> _Work required_
Each line below must be reproduced exactly as it stands. Pictures stay out of the copy.
- - - -
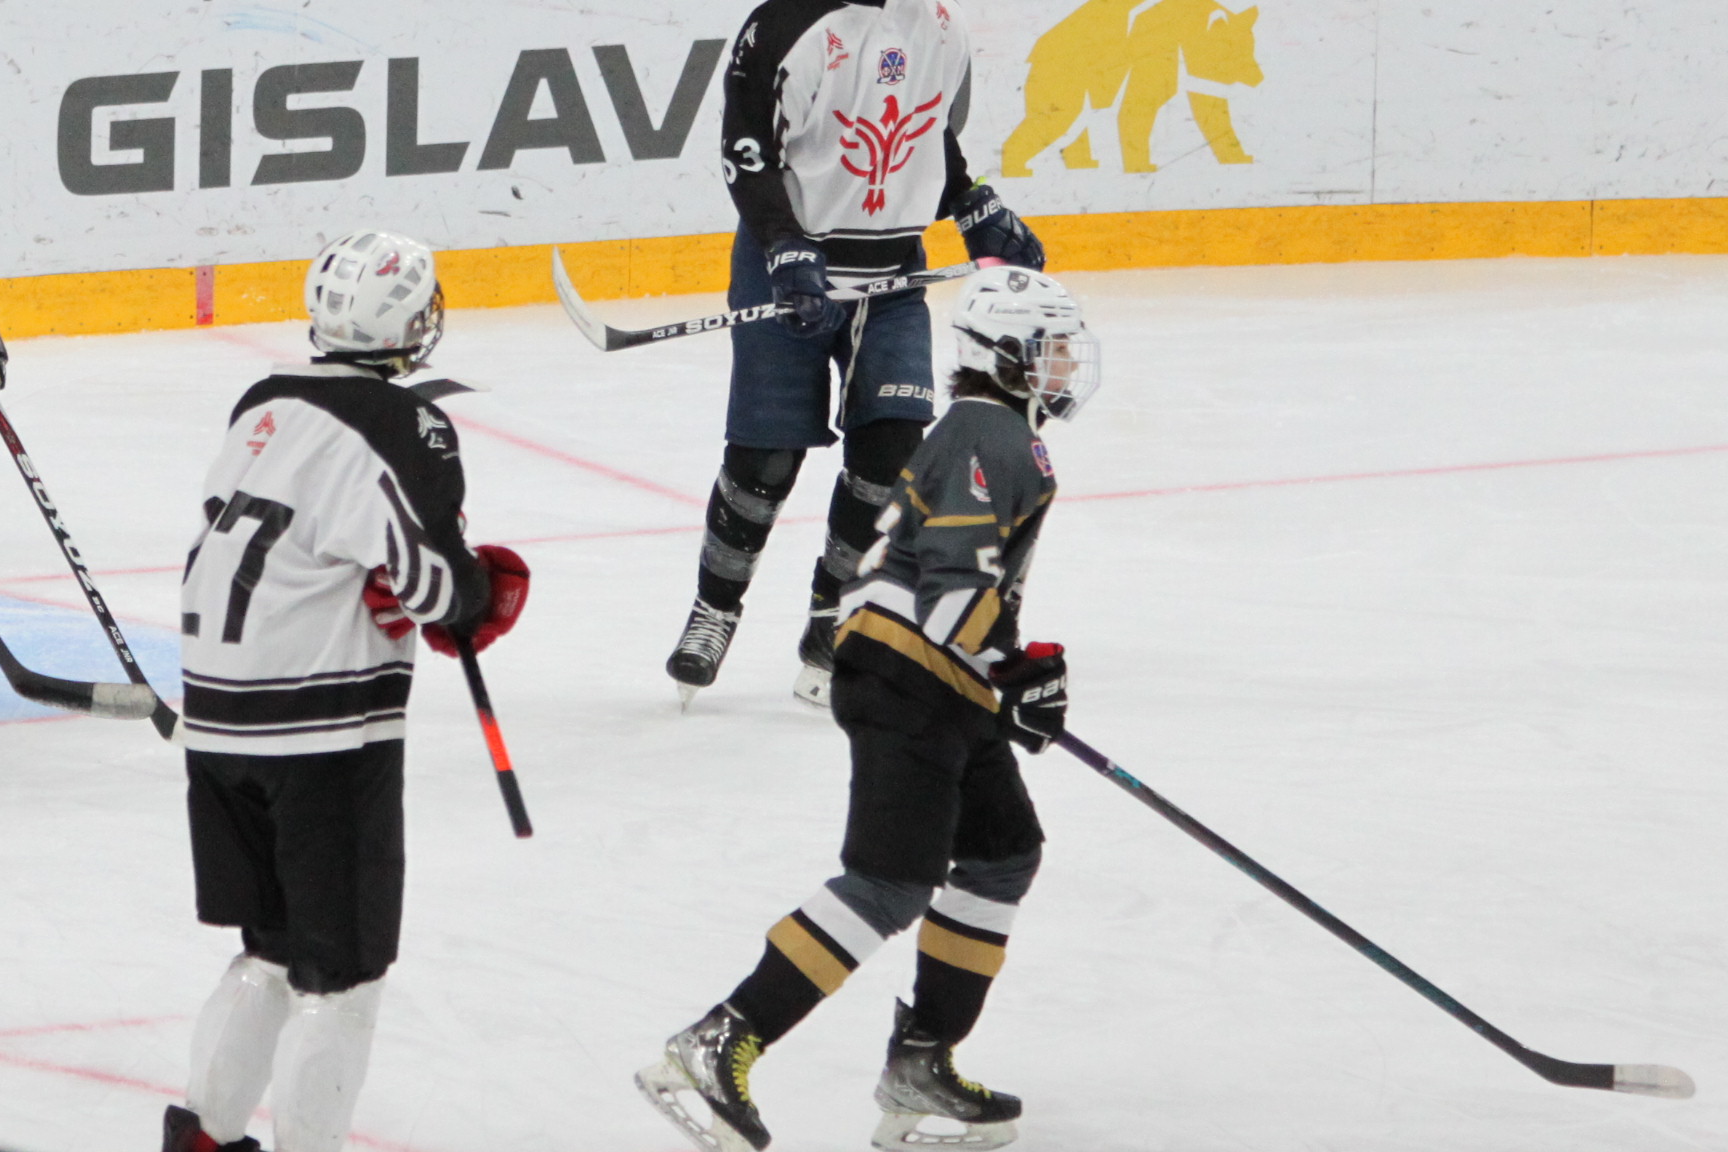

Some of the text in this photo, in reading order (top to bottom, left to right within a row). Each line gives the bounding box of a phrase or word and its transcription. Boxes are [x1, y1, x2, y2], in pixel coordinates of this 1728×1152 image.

[57, 38, 970, 195] GISLAV
[957, 195, 1005, 234] AUER
[767, 249, 817, 276] UER
[868, 276, 908, 295] ACE JNR
[685, 303, 777, 335] SOYUZ
[878, 384, 935, 402] BAUE
[16, 452, 98, 592] SOYUZ
[108, 625, 134, 663] ACE JNR
[1022, 675, 1068, 704] BAU
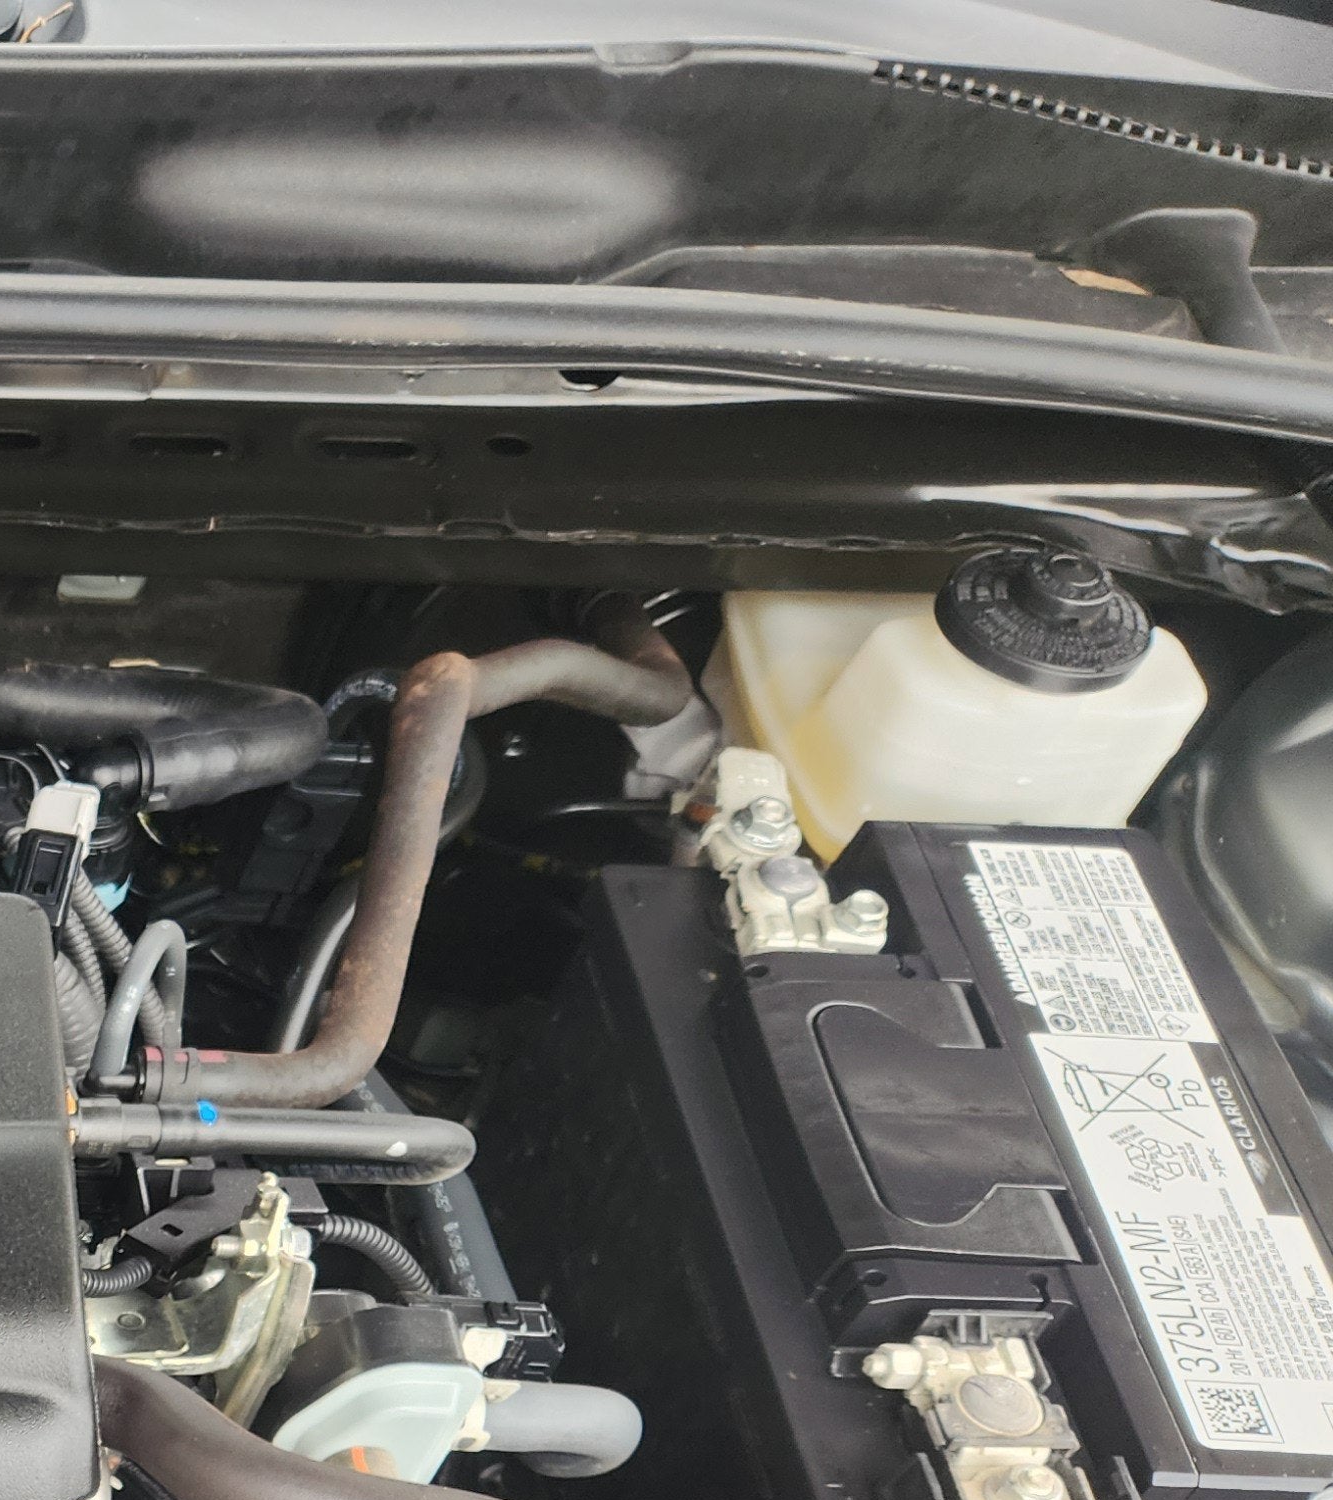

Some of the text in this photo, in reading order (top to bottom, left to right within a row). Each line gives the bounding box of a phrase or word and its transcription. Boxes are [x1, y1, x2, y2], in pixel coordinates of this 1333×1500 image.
- - - -
> _Result for this exercise_
Some of the text in this photo, in reading order (top to bottom, left to right within a row). Each line gives the bounding box of a phrase or word and its transcription. Boxes are [x1, y1, x2, y2], in pixel coordinates of this 1728×1152 image.

[57, 38, 970, 195] GISLAV
[957, 195, 1005, 234] AUER
[767, 249, 817, 276] UER
[868, 276, 908, 295] ACE JNR
[685, 303, 777, 335] SOYUZ
[878, 384, 935, 402] BAUE
[16, 452, 98, 592] SOYUZ
[108, 625, 134, 663] ACE JNR
[1022, 675, 1068, 704] BAU

Some of the text in this photo, in reading order (top to bottom, left to right within a row). Each line gives the bounding box of a phrase or word and its transcription. Boxes are [x1, y1, x2, y2], in pixel coordinates of this 1333×1500 image.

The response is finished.